De la comunicación del poder, al poder de la comunicación





La historia del poder nos ofrece estampas magníficas y símbolos que expresan cómo se adquiere el poder, pero tal vez la que mejor sintetiza esta idea es la leyenda japonesa que habla de la gran diosa del sol: Amaterasu, que recibió tres símbolos del poder imperial: la espada, la joya y el espejo.


Músculo (espada): el poder más básico es el músculo, el uso de la fuerza física para someter a los otros seres humanos y obligarlos a realizar trabajos para beneficio del más fuerte.


Es el poder de las cavernas, pero también el del armamento capaz de liquidar a los adversarios.


Talento (espejo): con el sentido de supervivencia de los menos fuertes, se desarrolló otra la habilidad expresada en la frase: más vale maña que fuerza.


Es decir el conocimiento que puede vencer a la fuerza física. El espejo es el autoconocimiento que abre camino a conocer a los demás. Al transcurrir el tiempo ha asumido la forma, por ejemplo, de los estudios de opinión, entre otras herramientas.

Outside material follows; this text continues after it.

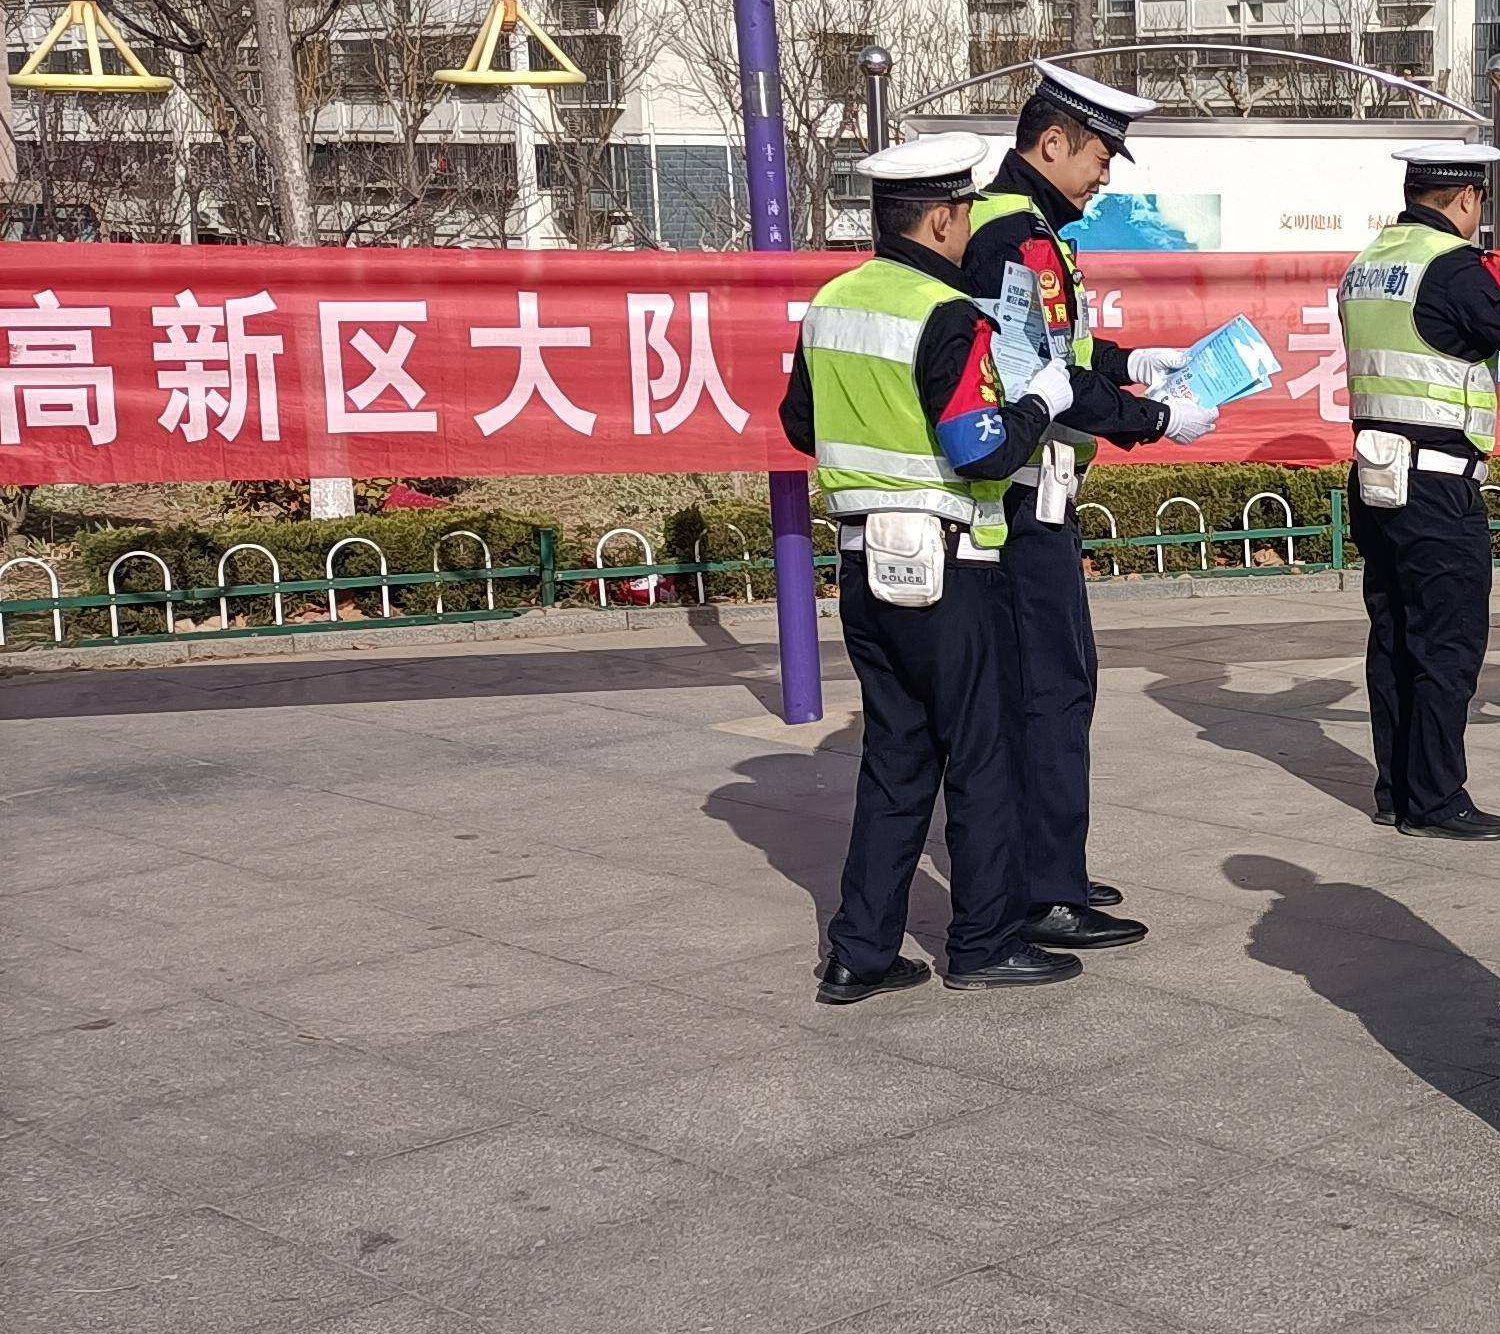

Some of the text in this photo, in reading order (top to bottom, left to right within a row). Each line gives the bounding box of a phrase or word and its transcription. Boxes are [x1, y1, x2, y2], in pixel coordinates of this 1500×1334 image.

[1383, 265, 1409, 296] 勤
[0, 289, 751, 447] 高新区大队
[881, 574, 924, 584] POLICE

Dinero (joyas): los factores anteriores pueden servir para alcanzar la riqueza. Y la riqueza puede a su vez adquirir más conocimiento, o incluso la fuerza de las armas para someter las voluntades. Pero dependen de un talento especial, que es la del empresario, el gerente, el administrador.


Astucia: Sin embargo, el poder político camina en territorios más dinámicos, es como lo llamó Ikram Antaki, un trabajo singular donde se combinan las destrezas del pescador y la del cazador: paciencia y fabricar situaciones (trampas) para obtener los objetivos. Todas éstas, habilidades que cultivan y crecen en los profesionales de la política.


Estos símbolos expresan muy bien las distintas caras del poder y sus personalidades, así como su sofisticación al correr de los siglos.


EL PODER Y LAS REDES

Hoy las tecnologías de la información y del conocimiento están provocando el nacimiento de nuevas habilidades que irrumpen la marcha estable de viejos productos y pueden hacer que una marca consolidada se derrumbe en poco tiempo, o incluso un sistema.


El poder político también sufre esos cambios vertiginosos. En México el hasta #LadyProfeco (en Twitter) derrumbó a un funcionario público. Los ciudadanos no tuvieron que ir a poner una demanda, ni gastar tiempo en oficinas de gobierno, sólo tuitearon y se rieron del funcionario en cuestión.


El poder político es seductor porque implica disfrutar del mando y hacer que los otros decidan seguirte. Sin embargo, el poder político más básico es como el de las cavernas, se ejerce sobre la base del “tienes que hacerlo” (miedo), y su otra cara es: “te conviene hacerlo” (la ambición). Temido o amado, diría Maquiavelo.

EL ESTADISTA, LA EVOLUCIÓN

Entre la ambición y miedo, pocos personajes, a los que hoy les decimos estadistas, han logrado un poder más grande: el de tener un sueño, comunicarlo y tener seguidores.


Esos líderes tienen un contacto pleno con su humanidad, son auténticos y parecen vulnerables. Han aprendido que entre la ecuación del miedo o la ambición, puede surgir el amor. Y por eso hay tan pocos que se atrevan a correr fuera del sistema y optar por el camino vertiginoso de perder la razón por conquistar un sueño y dejar su huella en la historia.